EXERCISE:
Exact reproduction, images excluded: write out the records below.

[Phrase grounding data]
▬▬▬▬▬▬▬▬▬▬

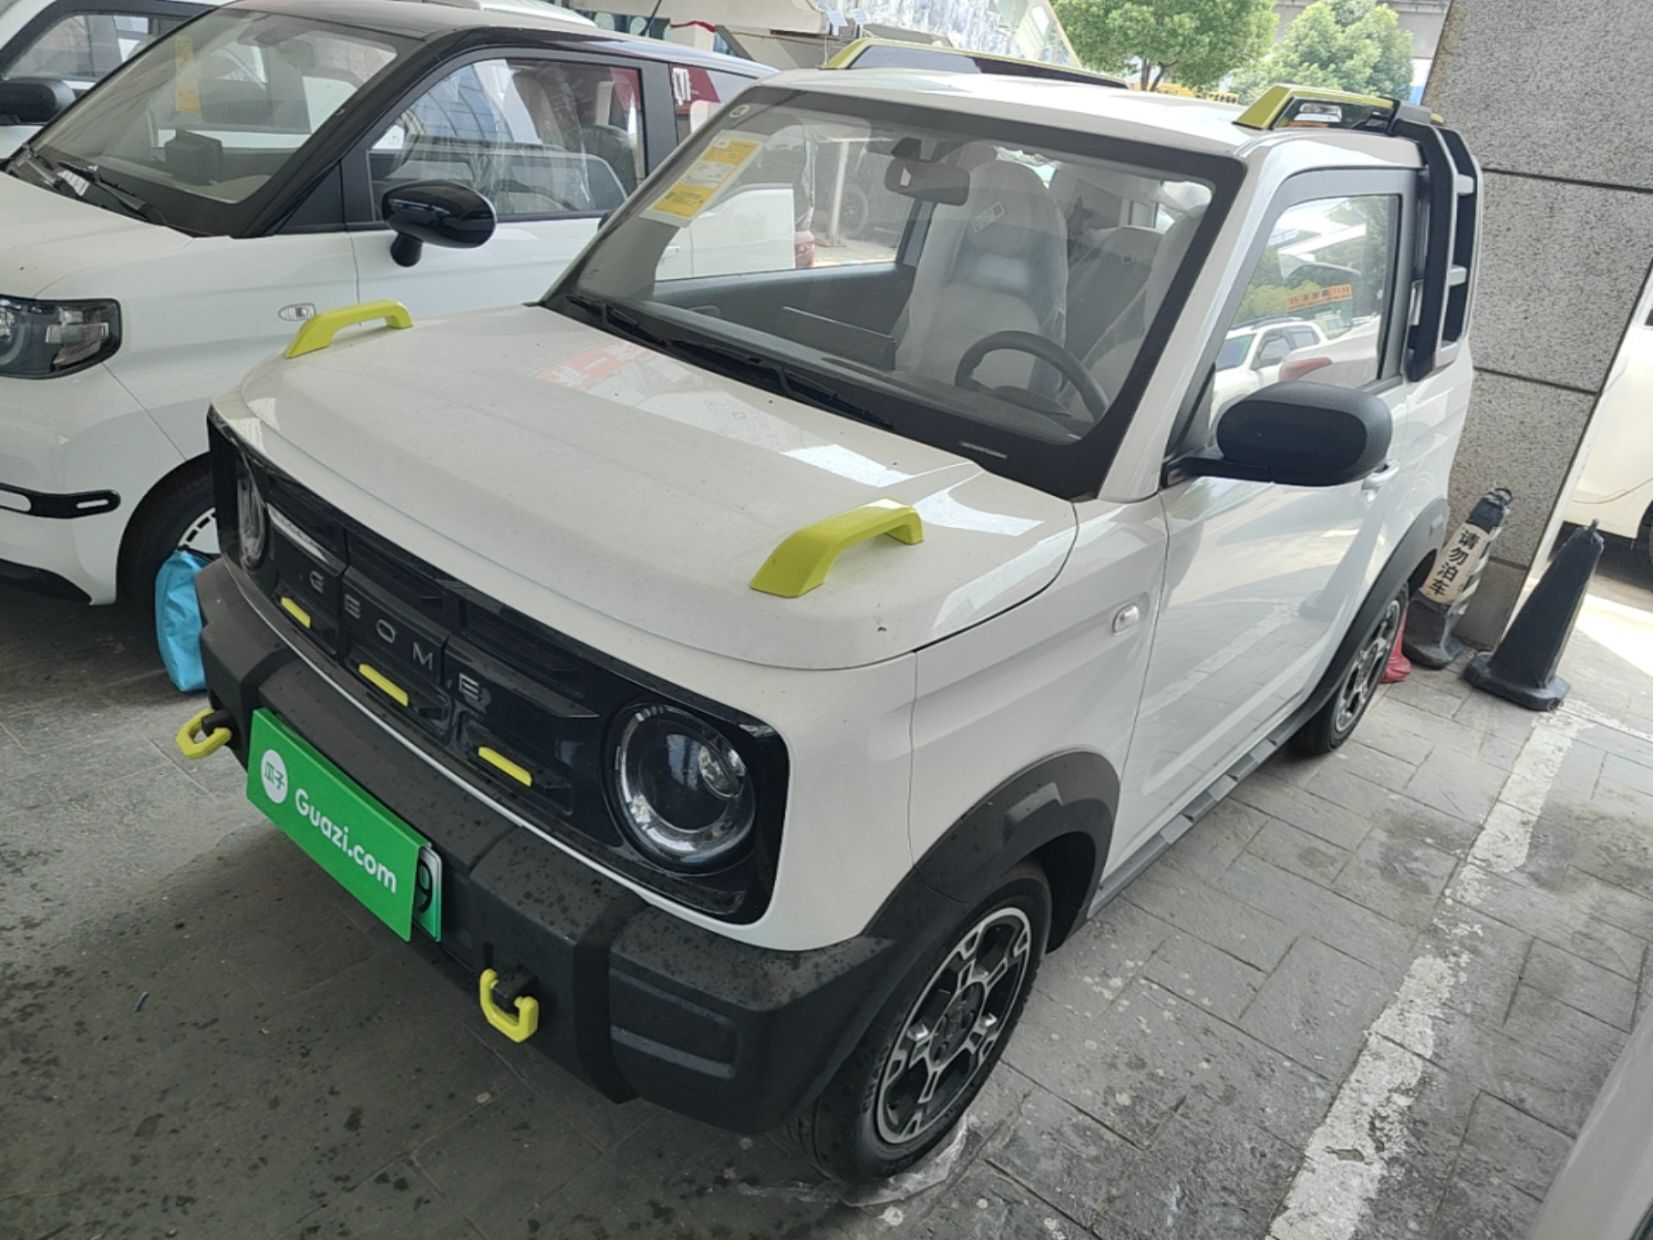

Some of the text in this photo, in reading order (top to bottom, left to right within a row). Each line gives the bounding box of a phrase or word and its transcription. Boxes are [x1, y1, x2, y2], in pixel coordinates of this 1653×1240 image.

[1429, 530, 1480, 596] 请勿泊车
[295, 788, 397, 894] Guazi.com
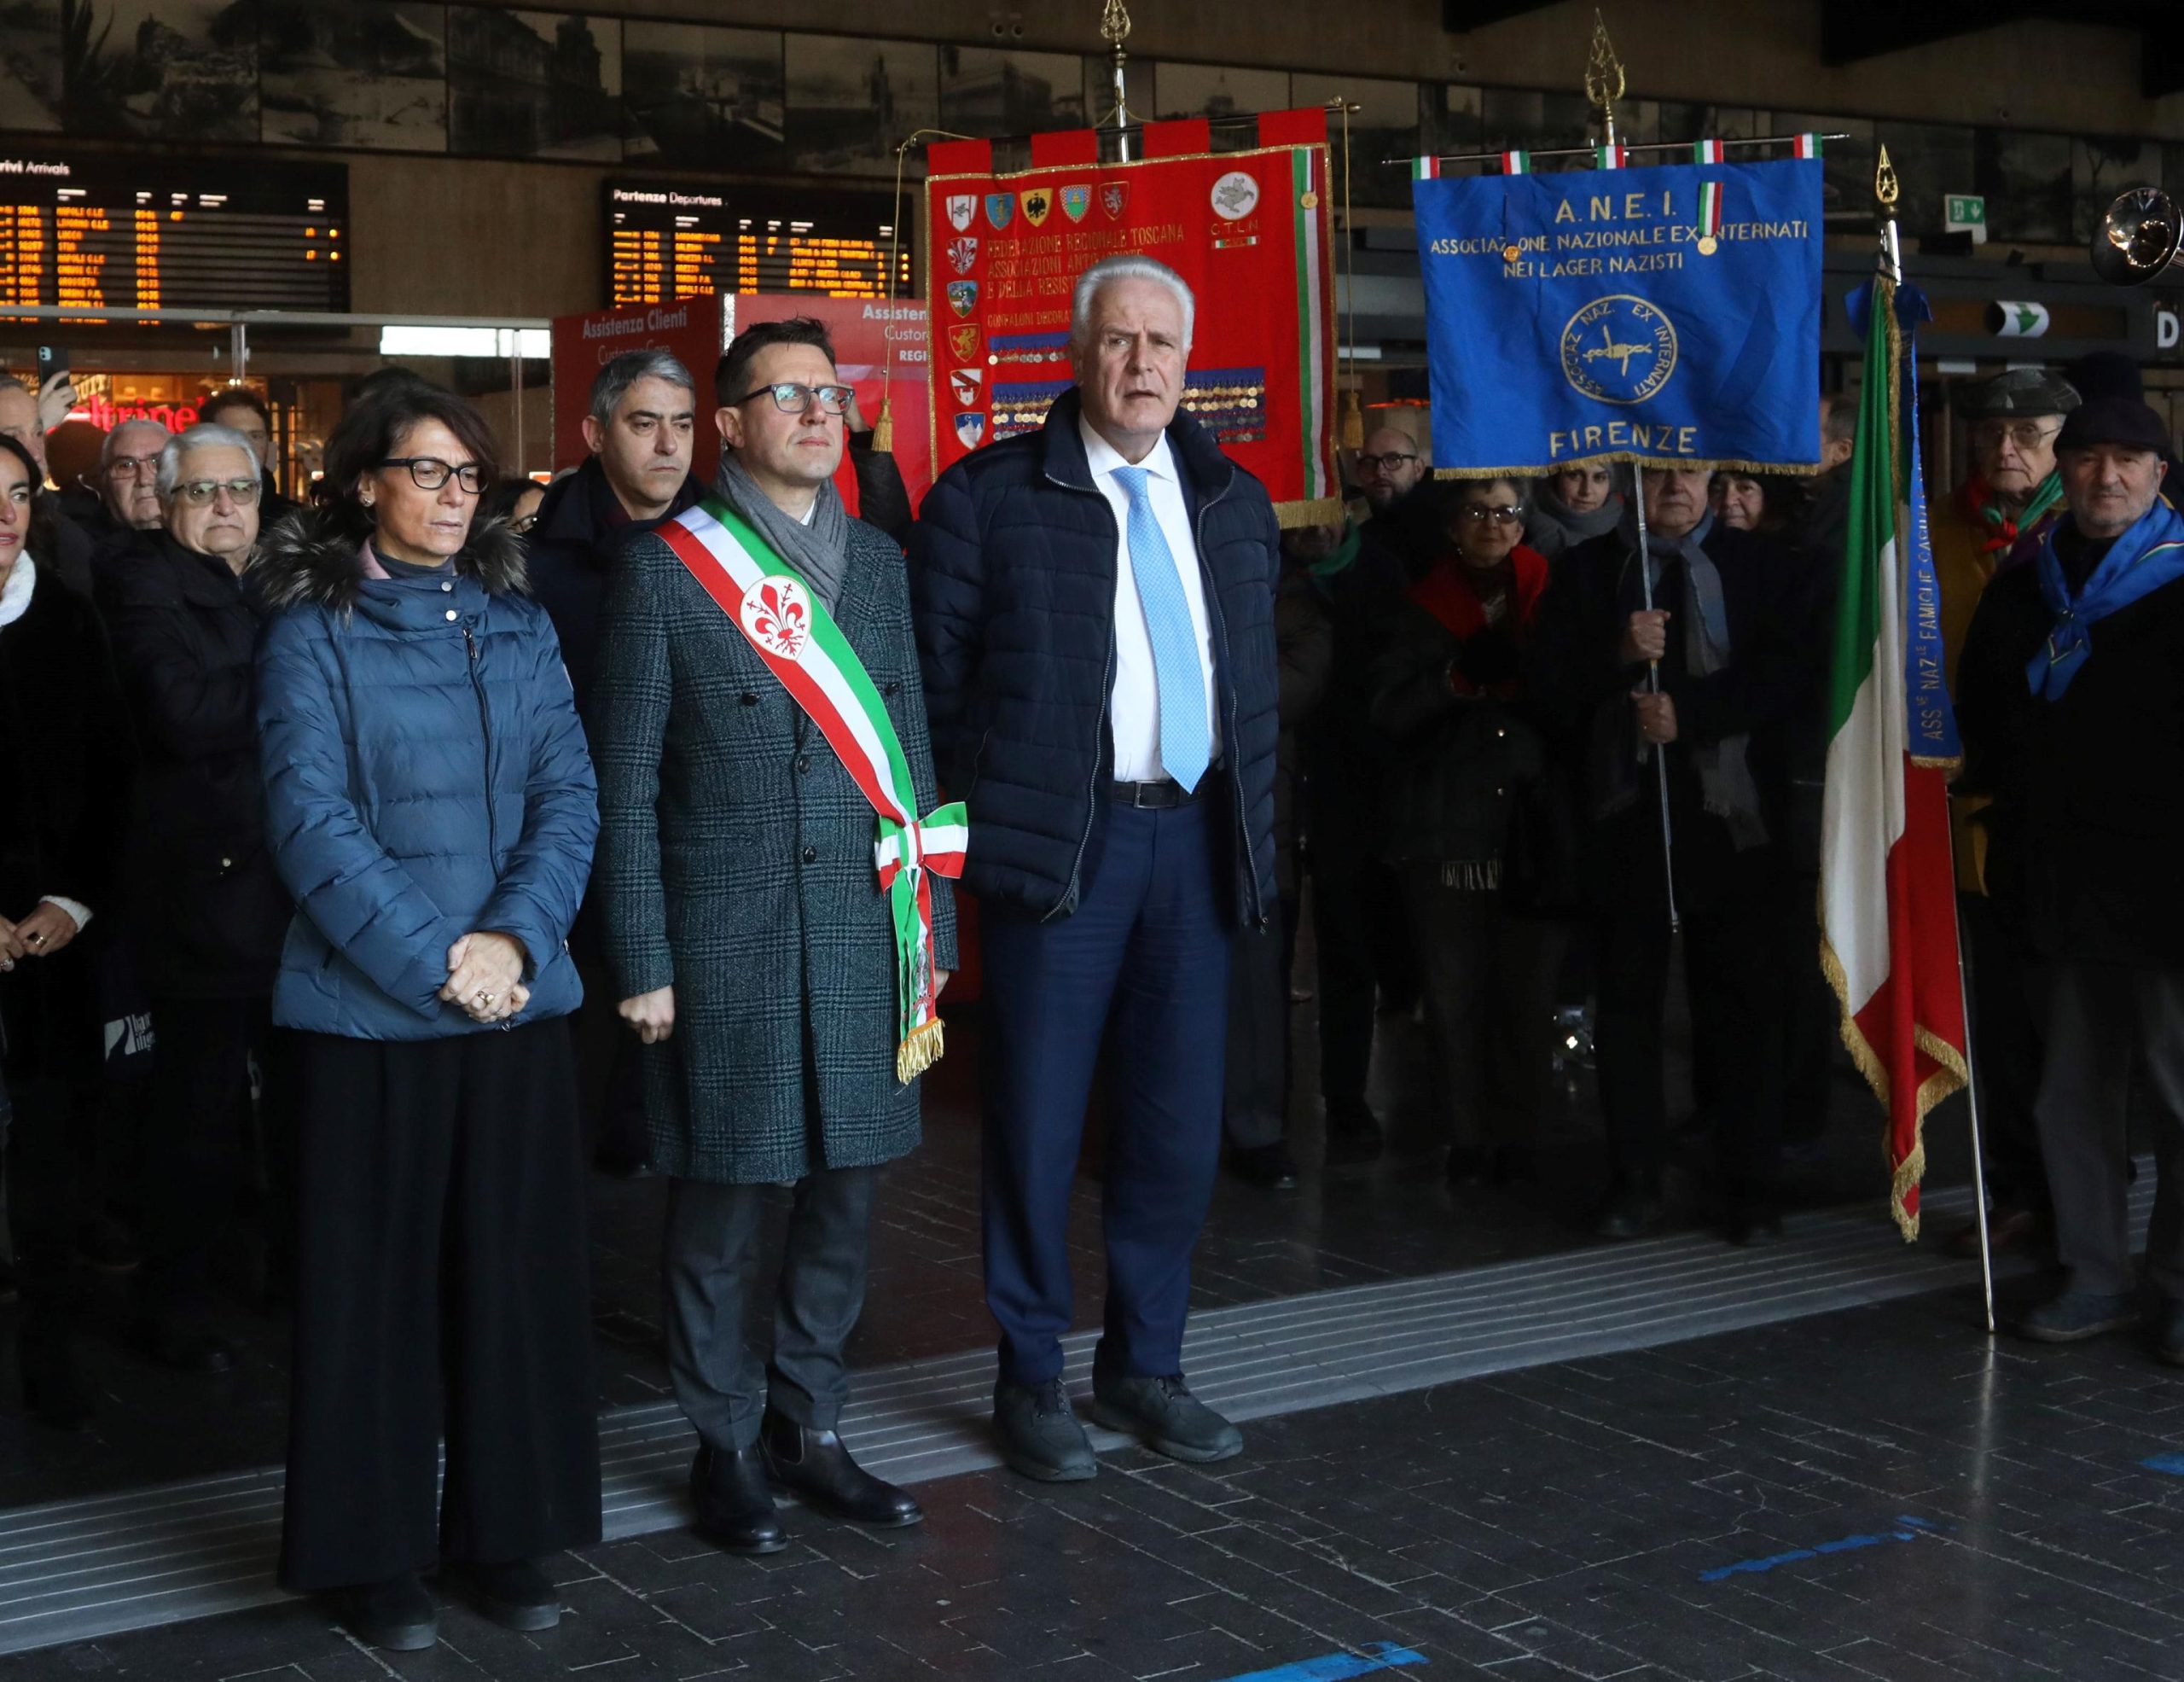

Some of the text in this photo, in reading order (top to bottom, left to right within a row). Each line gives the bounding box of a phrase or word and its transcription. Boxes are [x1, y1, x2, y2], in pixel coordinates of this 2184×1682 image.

[26, 162, 71, 176] Arrivals
[613, 189, 723, 206] Partenze Departures
[987, 224, 1184, 258] FEDERAZIONE REGIONALE TOSCANA
[1431, 236, 1550, 254] ASSOCIAZONE
[1558, 227, 1666, 250] NAZIONALE
[1715, 221, 1807, 241] NTERNATI
[987, 255, 1061, 278] ASSOCIAZIONI
[1504, 253, 1682, 279] NEI LAGER NAZISTI
[987, 282, 994, 299] E
[997, 280, 1033, 299] DELLA
[583, 306, 687, 340] Assistenza Clienti
[1632, 304, 1653, 323] EX
[2158, 311, 2179, 347] D
[1634, 326, 1672, 396] INTERNATI
[1549, 421, 1697, 457] FIRENZE
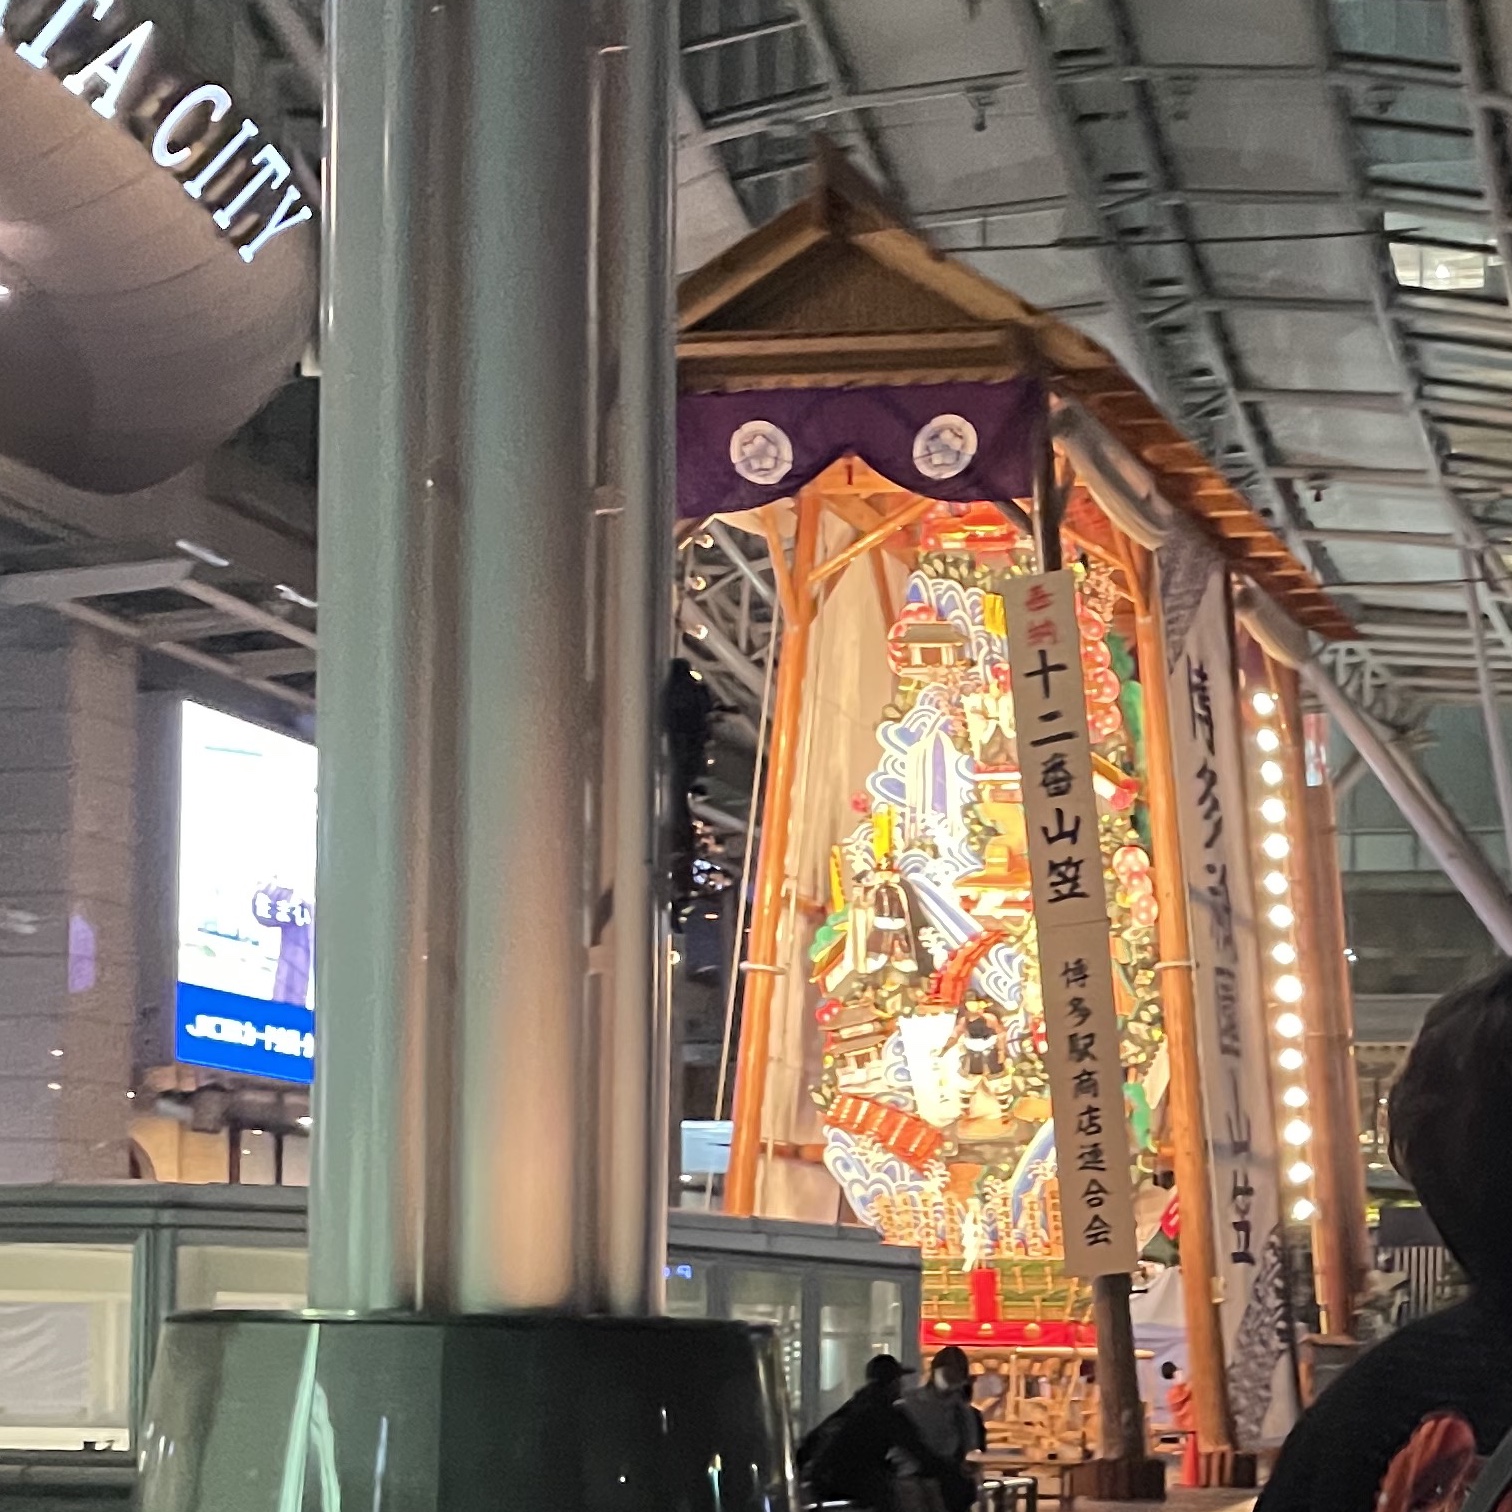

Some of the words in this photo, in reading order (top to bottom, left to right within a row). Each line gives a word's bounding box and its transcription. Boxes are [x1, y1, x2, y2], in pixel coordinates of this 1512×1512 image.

[0, 0, 153, 119] TA
[152, 84, 312, 263] CITY
[1023, 649, 1090, 904] 十二番山笠
[1060, 957, 1112, 1246] 博多駅商店連合会

▬▬▬▬▬▬▬▬▬▬

SOLUTION:
Some of the text in this photo, in reading order (top to bottom, left to right within a row). Each line gives the bounding box of a phrase or word and its transcription. Boxes are [x1, y1, x2, y2], in pixel coordinates of this 1653×1240 image.

[1429, 530, 1480, 596] 请勿泊车
[295, 788, 397, 894] Guazi.com

Some of the text in this photo, in reading order (top to bottom, left to right within a row). Each line gives the bounding box of a phrase or word and its transcription. Boxes are [x1, y1, x2, y2], in pixel coordinates of this 2184×1682 image.

[26, 162, 71, 176] Arrivals
[613, 189, 723, 206] Partenze Departures
[987, 224, 1184, 258] FEDERAZIONE REGIONALE TOSCANA
[1431, 236, 1550, 254] ASSOCIAZONE
[1558, 227, 1666, 250] NAZIONALE
[1715, 221, 1807, 241] NTERNATI
[987, 255, 1061, 278] ASSOCIAZIONI
[1504, 253, 1682, 279] NEI LAGER NAZISTI
[987, 282, 994, 299] E
[997, 280, 1033, 299] DELLA
[583, 306, 687, 340] Assistenza Clienti
[1632, 304, 1653, 323] EX
[2158, 311, 2179, 347] D
[1634, 326, 1672, 396] INTERNATI
[1549, 421, 1697, 457] FIRENZE

Some of the words in this photo, in reading order (top to bottom, left to right within a row). Each line gives a word's bounding box and its transcription. Boxes are [x1, y1, x2, y2], in pixel coordinates of this 1512×1512 image.

[0, 0, 153, 119] TA
[152, 84, 312, 263] CITY
[1023, 649, 1090, 904] 十二番山笠
[1060, 957, 1112, 1246] 博多駅商店連合会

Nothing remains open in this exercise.